** Exercise brief **
Copy the records exactly, leaving out every picture.

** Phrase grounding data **
▽

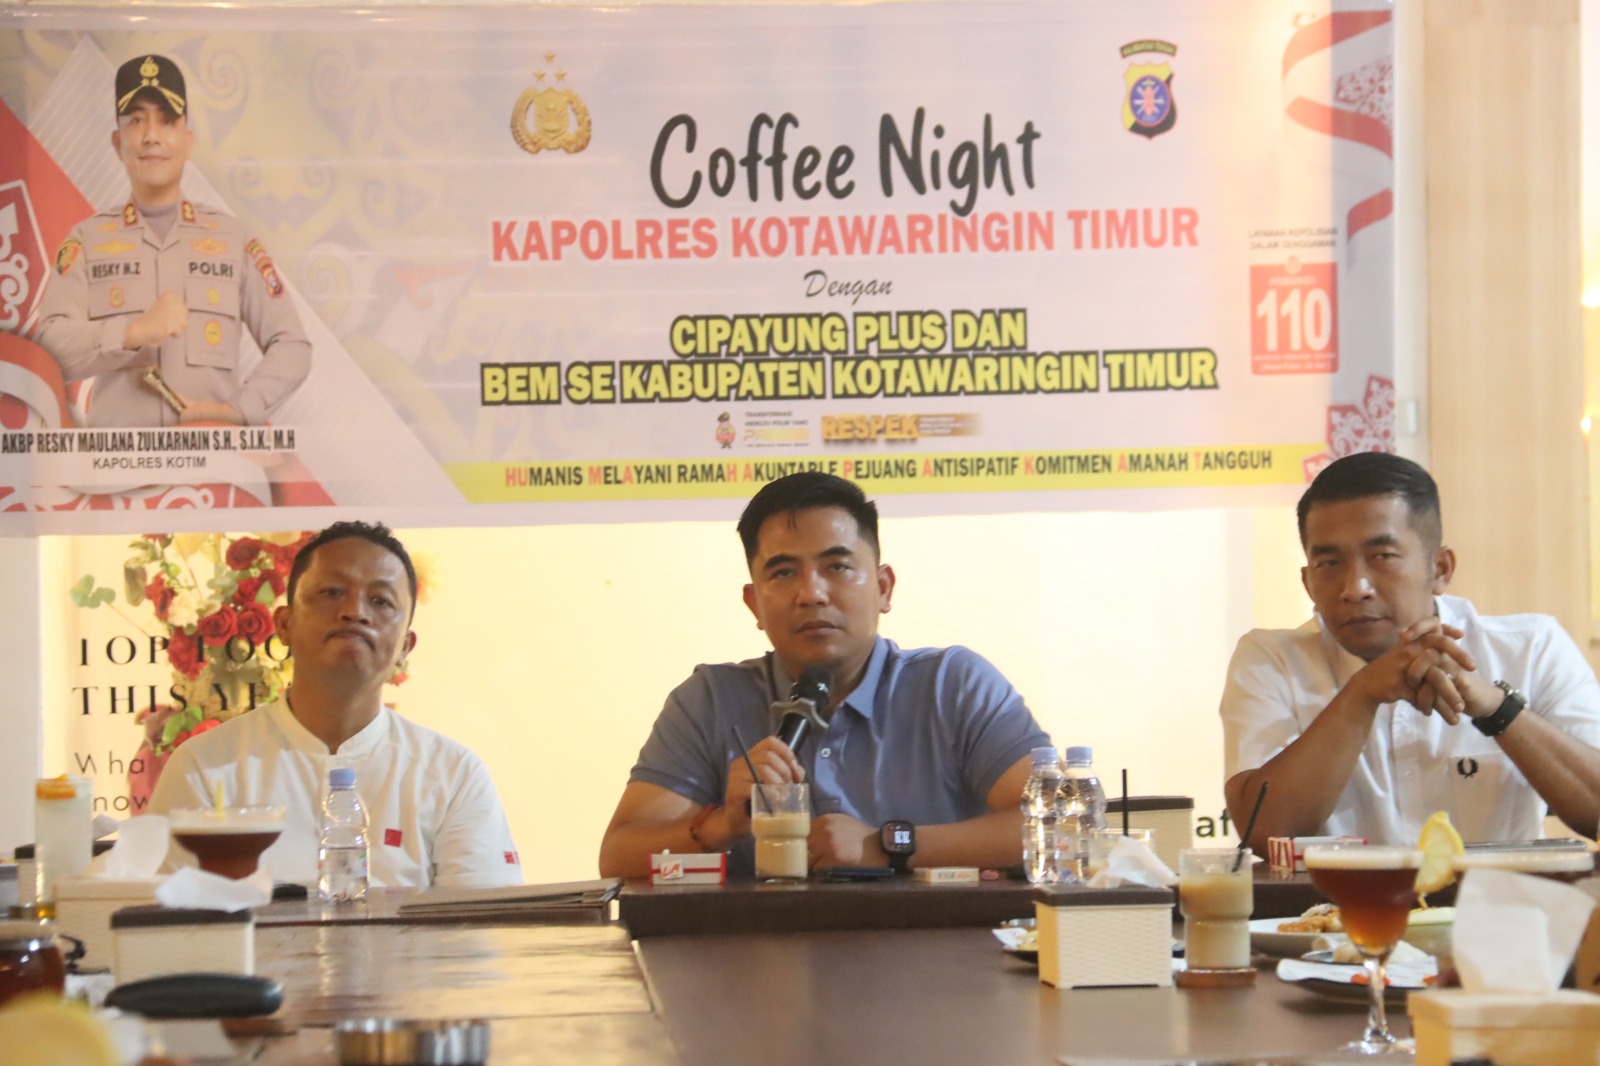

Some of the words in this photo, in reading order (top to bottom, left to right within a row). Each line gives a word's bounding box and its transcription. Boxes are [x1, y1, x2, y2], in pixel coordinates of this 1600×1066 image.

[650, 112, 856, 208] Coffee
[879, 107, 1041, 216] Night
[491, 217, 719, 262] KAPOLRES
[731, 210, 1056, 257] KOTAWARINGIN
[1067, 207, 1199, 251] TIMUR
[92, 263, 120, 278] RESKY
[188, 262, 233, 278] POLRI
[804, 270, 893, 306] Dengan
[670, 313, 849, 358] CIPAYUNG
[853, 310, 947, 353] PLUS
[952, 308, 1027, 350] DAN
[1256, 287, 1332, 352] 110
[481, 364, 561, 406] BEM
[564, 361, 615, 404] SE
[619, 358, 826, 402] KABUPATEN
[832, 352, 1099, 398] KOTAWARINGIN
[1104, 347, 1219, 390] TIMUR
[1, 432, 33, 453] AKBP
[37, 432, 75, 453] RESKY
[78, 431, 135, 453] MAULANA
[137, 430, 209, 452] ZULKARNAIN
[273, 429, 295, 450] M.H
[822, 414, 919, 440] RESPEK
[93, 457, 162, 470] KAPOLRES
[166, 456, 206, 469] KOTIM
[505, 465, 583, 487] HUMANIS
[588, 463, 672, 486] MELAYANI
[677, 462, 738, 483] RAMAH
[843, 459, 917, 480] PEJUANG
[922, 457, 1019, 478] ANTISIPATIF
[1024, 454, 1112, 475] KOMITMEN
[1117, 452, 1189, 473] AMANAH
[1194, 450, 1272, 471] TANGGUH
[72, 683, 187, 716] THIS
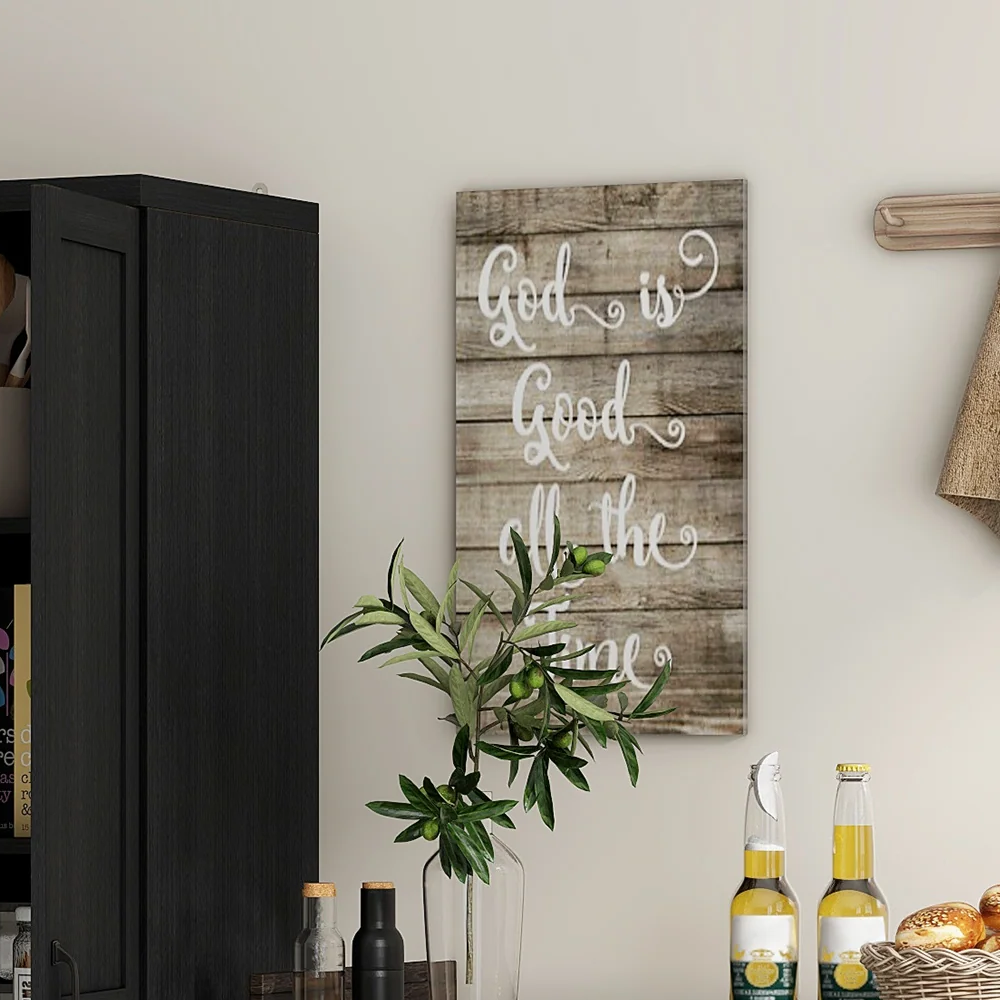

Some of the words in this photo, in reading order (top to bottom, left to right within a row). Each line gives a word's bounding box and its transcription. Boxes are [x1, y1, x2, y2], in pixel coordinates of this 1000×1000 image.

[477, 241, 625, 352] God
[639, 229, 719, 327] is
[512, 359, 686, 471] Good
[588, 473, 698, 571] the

△

** Written answer **
Some of the words in this photo, in reading order (top to bottom, left to right within a row). Each line gives a word's bounding box and its transcription. Boxes are [x1, y1, x2, y2], in pixel coordinates of this 1600×1066 image.

[650, 112, 856, 208] Coffee
[879, 107, 1041, 216] Night
[491, 217, 719, 262] KAPOLRES
[731, 210, 1056, 257] KOTAWARINGIN
[1067, 207, 1199, 251] TIMUR
[92, 263, 120, 278] RESKY
[188, 262, 233, 278] POLRI
[804, 270, 893, 306] Dengan
[670, 313, 849, 358] CIPAYUNG
[853, 310, 947, 353] PLUS
[952, 308, 1027, 350] DAN
[1256, 287, 1332, 352] 110
[481, 364, 561, 406] BEM
[564, 361, 615, 404] SE
[619, 358, 826, 402] KABUPATEN
[832, 352, 1099, 398] KOTAWARINGIN
[1104, 347, 1219, 390] TIMUR
[1, 432, 33, 453] AKBP
[37, 432, 75, 453] RESKY
[78, 431, 135, 453] MAULANA
[137, 430, 209, 452] ZULKARNAIN
[273, 429, 295, 450] M.H
[822, 414, 919, 440] RESPEK
[93, 457, 162, 470] KAPOLRES
[166, 456, 206, 469] KOTIM
[505, 465, 583, 487] HUMANIS
[588, 463, 672, 486] MELAYANI
[677, 462, 738, 483] RAMAH
[843, 459, 917, 480] PEJUANG
[922, 457, 1019, 478] ANTISIPATIF
[1024, 454, 1112, 475] KOMITMEN
[1117, 452, 1189, 473] AMANAH
[1194, 450, 1272, 471] TANGGUH
[72, 683, 187, 716] THIS

Some of the words in this photo, in reading order (top to bottom, left to right within a row). Each line gives a word's bounding box and its transcription. Boxes are [x1, y1, x2, y2], in pixel coordinates of this 1000×1000 image.

[477, 241, 625, 352] God
[639, 229, 719, 327] is
[512, 359, 686, 471] Good
[588, 473, 698, 571] the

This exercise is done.